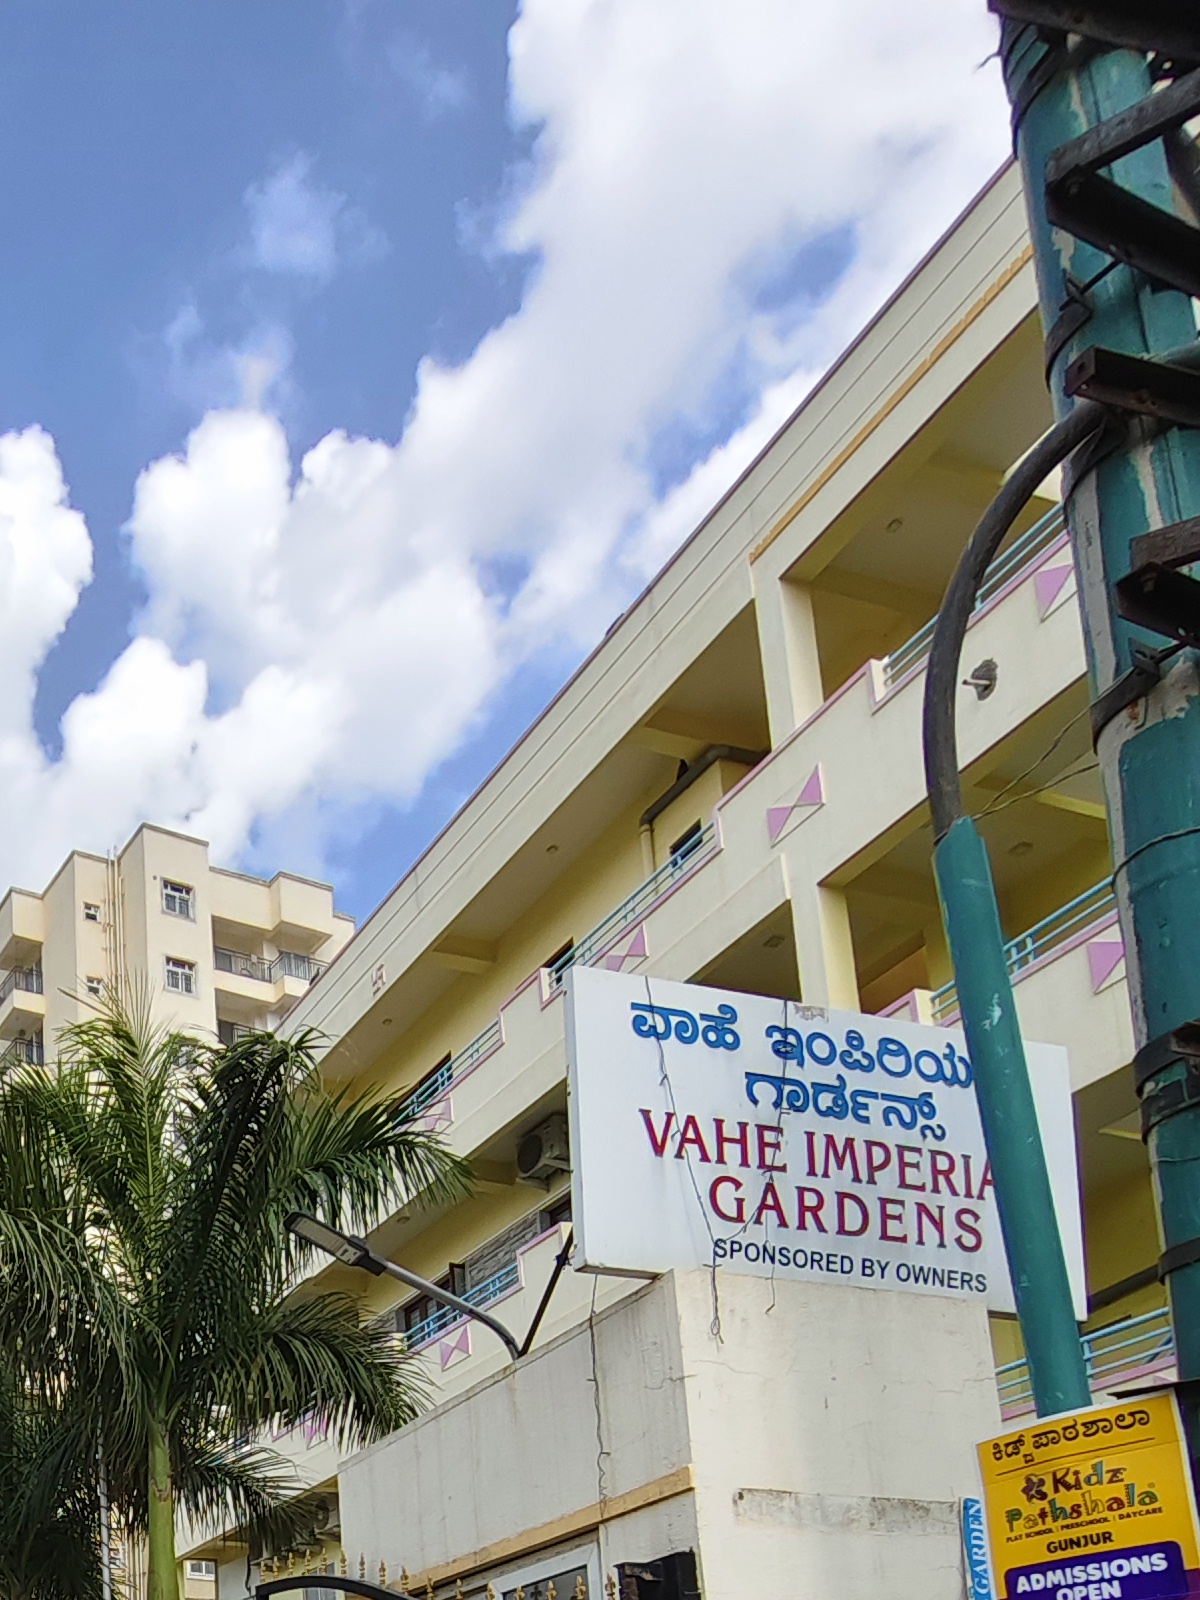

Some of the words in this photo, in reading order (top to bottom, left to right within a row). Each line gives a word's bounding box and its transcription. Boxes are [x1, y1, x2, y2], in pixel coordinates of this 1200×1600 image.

[765, 1024, 974, 1089] ಇಂಪಿರಿಯ
[639, 1107, 789, 1174] VAHE
[805, 1130, 994, 1202] IMPERIA
[709, 1175, 984, 1255] GARDENS
[713, 1238, 855, 1276] SPONSORED
[861, 1257, 891, 1281] BY
[896, 1261, 988, 1295] OWNERS
[1052, 1460, 1128, 1495] Kidz
[1005, 1483, 1159, 1533] Pathshala
[1118, 1506, 1164, 1521] DAYCARE
[1046, 1531, 1115, 1554] GUNJUR
[1016, 1552, 1168, 1594] ADMISSIONS
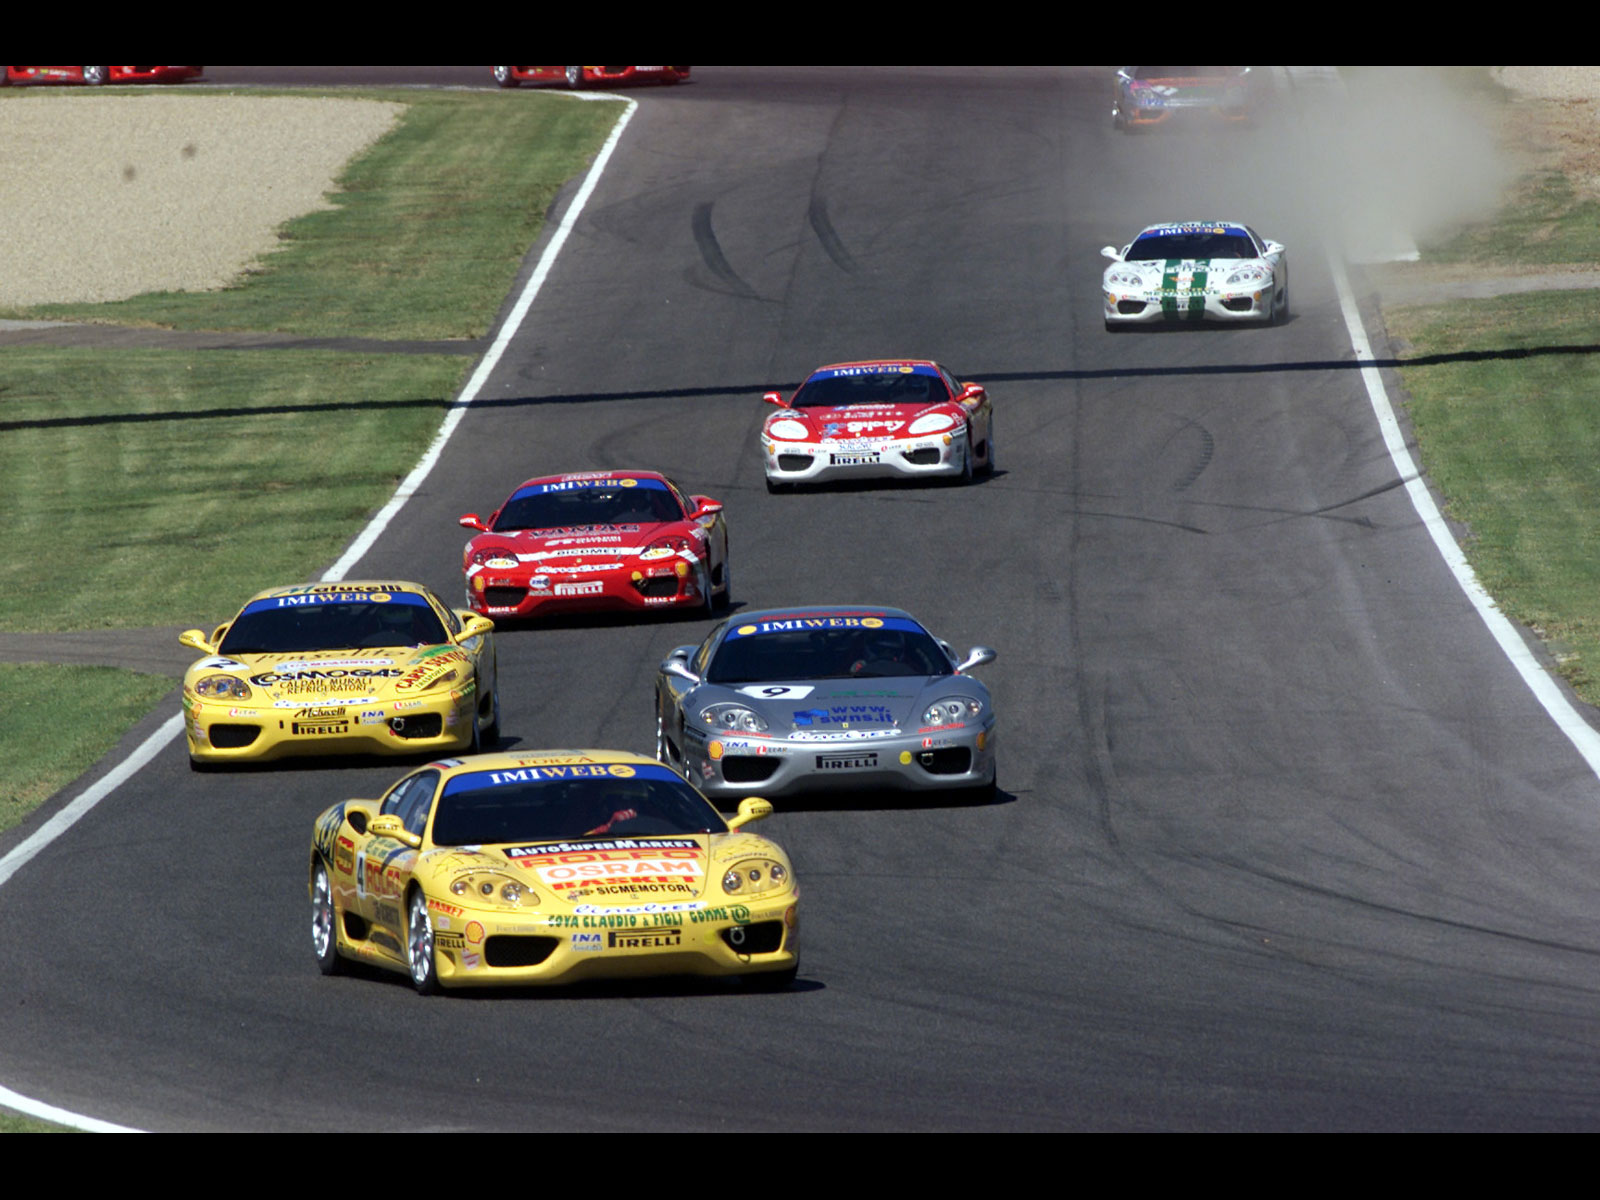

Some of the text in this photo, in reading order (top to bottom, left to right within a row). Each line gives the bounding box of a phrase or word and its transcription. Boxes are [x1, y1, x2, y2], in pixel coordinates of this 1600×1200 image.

[833, 366, 897, 377] IMIWEB
[830, 451, 880, 465] PIRELLI
[542, 479, 618, 493] IMIWEB
[553, 580, 604, 596] PIRELLI
[277, 592, 368, 607] IMIWEB
[762, 618, 859, 632] IMIWEB
[762, 686, 791, 698] 9
[361, 710, 385, 718] INA
[291, 720, 349, 735] PIRELLI
[815, 752, 878, 769] PIRELLI
[489, 764, 608, 785] IMIWEB
[520, 850, 700, 868] ROLFO
[546, 861, 696, 880] OSRAM
[596, 884, 692, 896] SICMEMOTORI
[429, 899, 464, 918] BASKET
[583, 914, 637, 929] CLAUDIO
[653, 913, 683, 928] FIGLI
[434, 930, 466, 949] PIRELLI
[571, 933, 603, 943] INA
[607, 929, 682, 949] PIRELLI
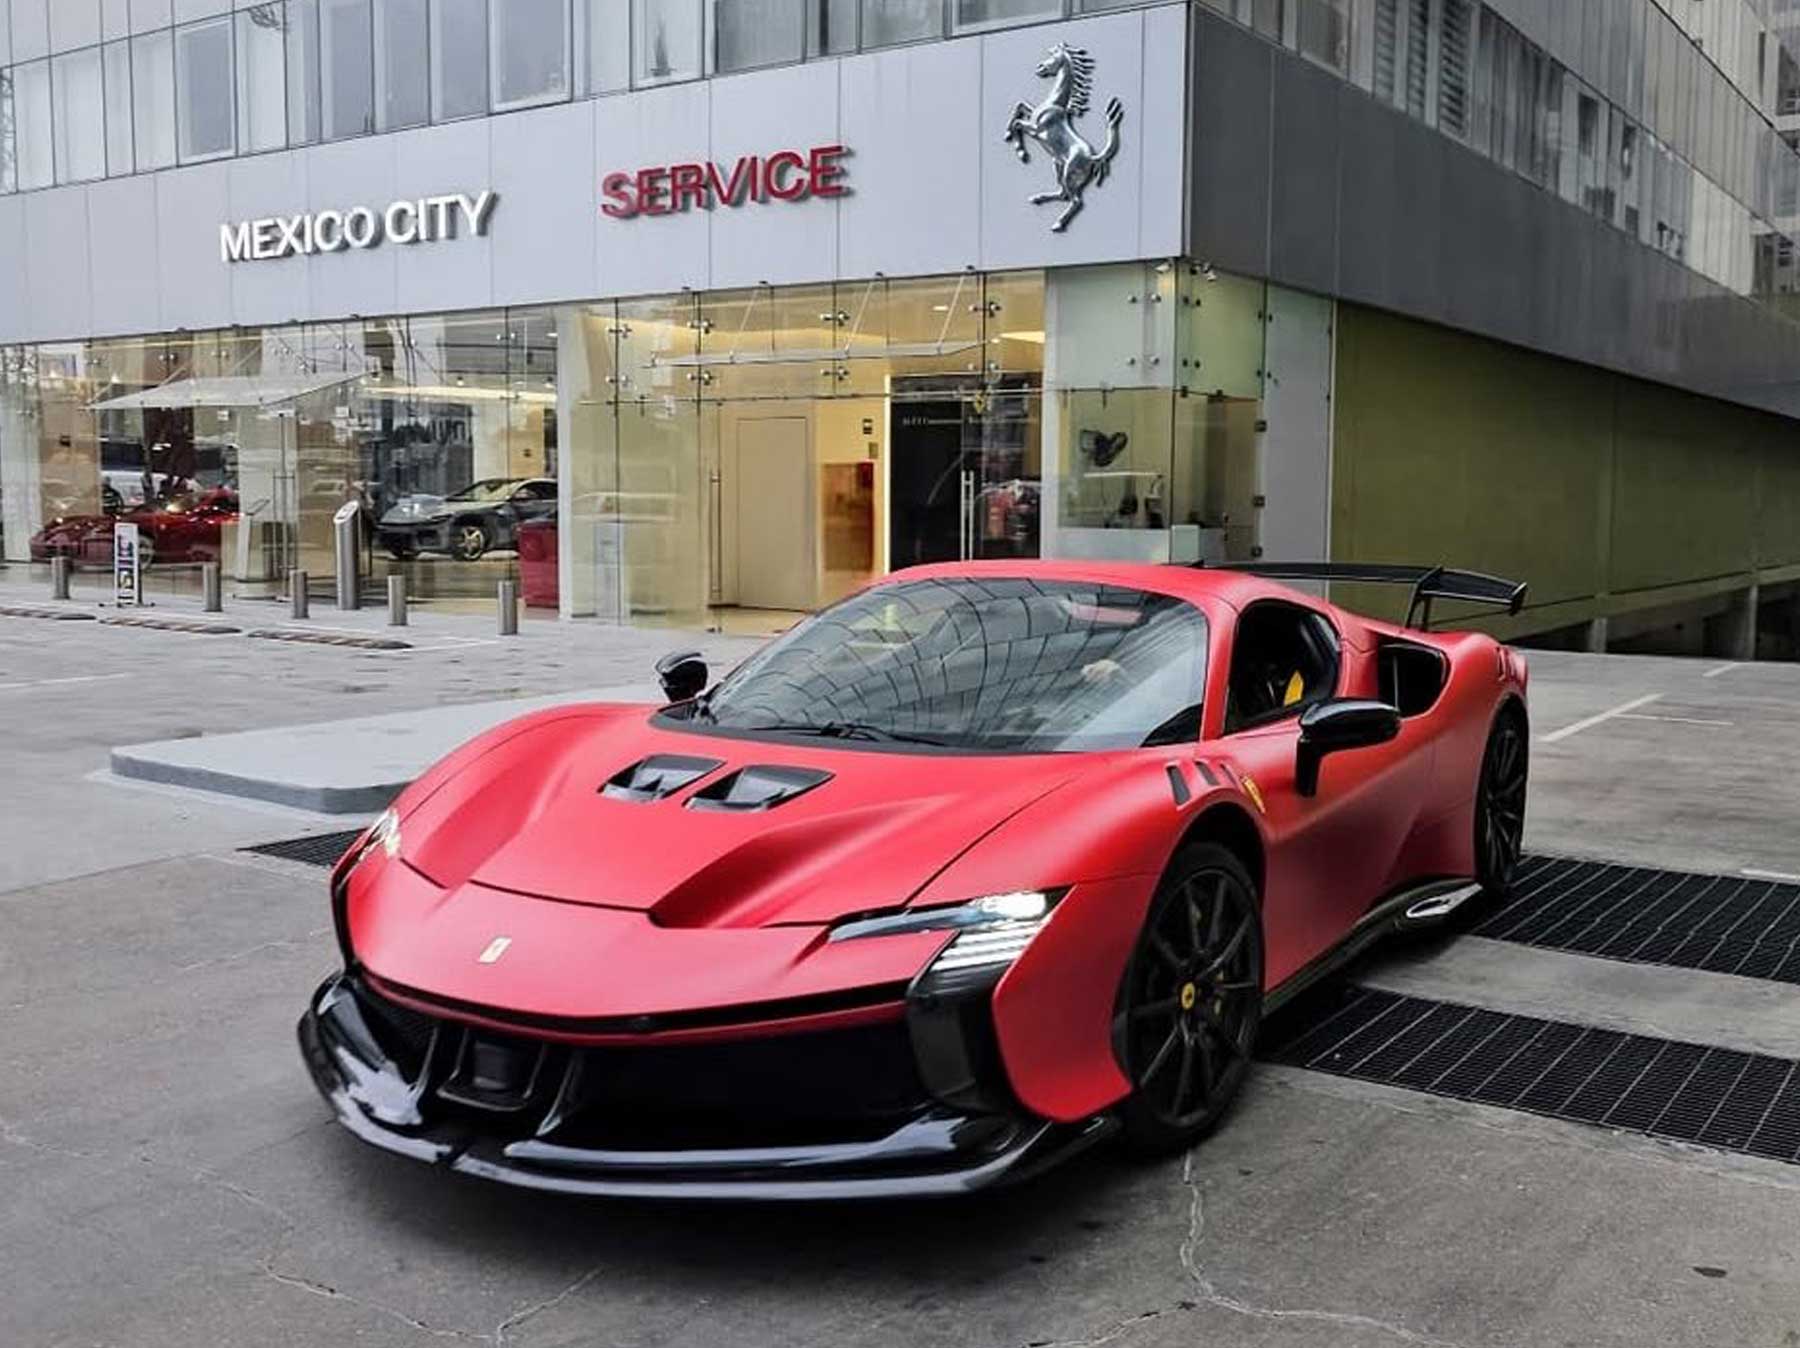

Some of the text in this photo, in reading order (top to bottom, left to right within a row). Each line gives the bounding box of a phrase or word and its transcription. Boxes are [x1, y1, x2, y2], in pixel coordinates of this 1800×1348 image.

[601, 145, 846, 218] SERVICE
[219, 189, 493, 262] MEXICO CITY
◇ ◇ ◇ ◇
Exclude all images and restate the records above word for word.

Some of the words in this photo, in reading order (top to bottom, left to right within a row). Each line gives a word's bounding box and its transcription. Boxes are [x1, y1, x2, y2], in pixel coordinates of this 1200×1600 image.

[765, 1024, 974, 1089] ಇಂಪಿರಿಯ
[639, 1107, 789, 1174] VAHE
[805, 1130, 994, 1202] IMPERIA
[709, 1175, 984, 1255] GARDENS
[713, 1238, 855, 1276] SPONSORED
[861, 1257, 891, 1281] BY
[896, 1261, 988, 1295] OWNERS
[1052, 1460, 1128, 1495] Kidz
[1005, 1483, 1159, 1533] Pathshala
[1118, 1506, 1164, 1521] DAYCARE
[1046, 1531, 1115, 1554] GUNJUR
[1016, 1552, 1168, 1594] ADMISSIONS

Some of the text in this photo, in reading order (top to bottom, left to right within a row). Each line gives the bounding box of a phrase or word and its transcription. Boxes are [x1, y1, x2, y2], in pixel coordinates of this 1600×1200 image.

[833, 366, 897, 377] IMIWEB
[830, 451, 880, 465] PIRELLI
[542, 479, 618, 493] IMIWEB
[553, 580, 604, 596] PIRELLI
[277, 592, 368, 607] IMIWEB
[762, 618, 859, 632] IMIWEB
[762, 686, 791, 698] 9
[361, 710, 385, 718] INA
[291, 720, 349, 735] PIRELLI
[815, 752, 878, 769] PIRELLI
[489, 764, 608, 785] IMIWEB
[520, 850, 700, 868] ROLFO
[546, 861, 696, 880] OSRAM
[596, 884, 692, 896] SICMEMOTORI
[429, 899, 464, 918] BASKET
[583, 914, 637, 929] CLAUDIO
[653, 913, 683, 928] FIGLI
[434, 930, 466, 949] PIRELLI
[571, 933, 603, 943] INA
[607, 929, 682, 949] PIRELLI

Some of the text in this photo, in reading order (top to bottom, left to right within a row). Each line gives the bounding box of a phrase or word and its transcription. Boxes are [x1, y1, x2, y2], in pixel coordinates of this 1800×1348 image.

[601, 145, 846, 218] SERVICE
[219, 189, 493, 262] MEXICO CITY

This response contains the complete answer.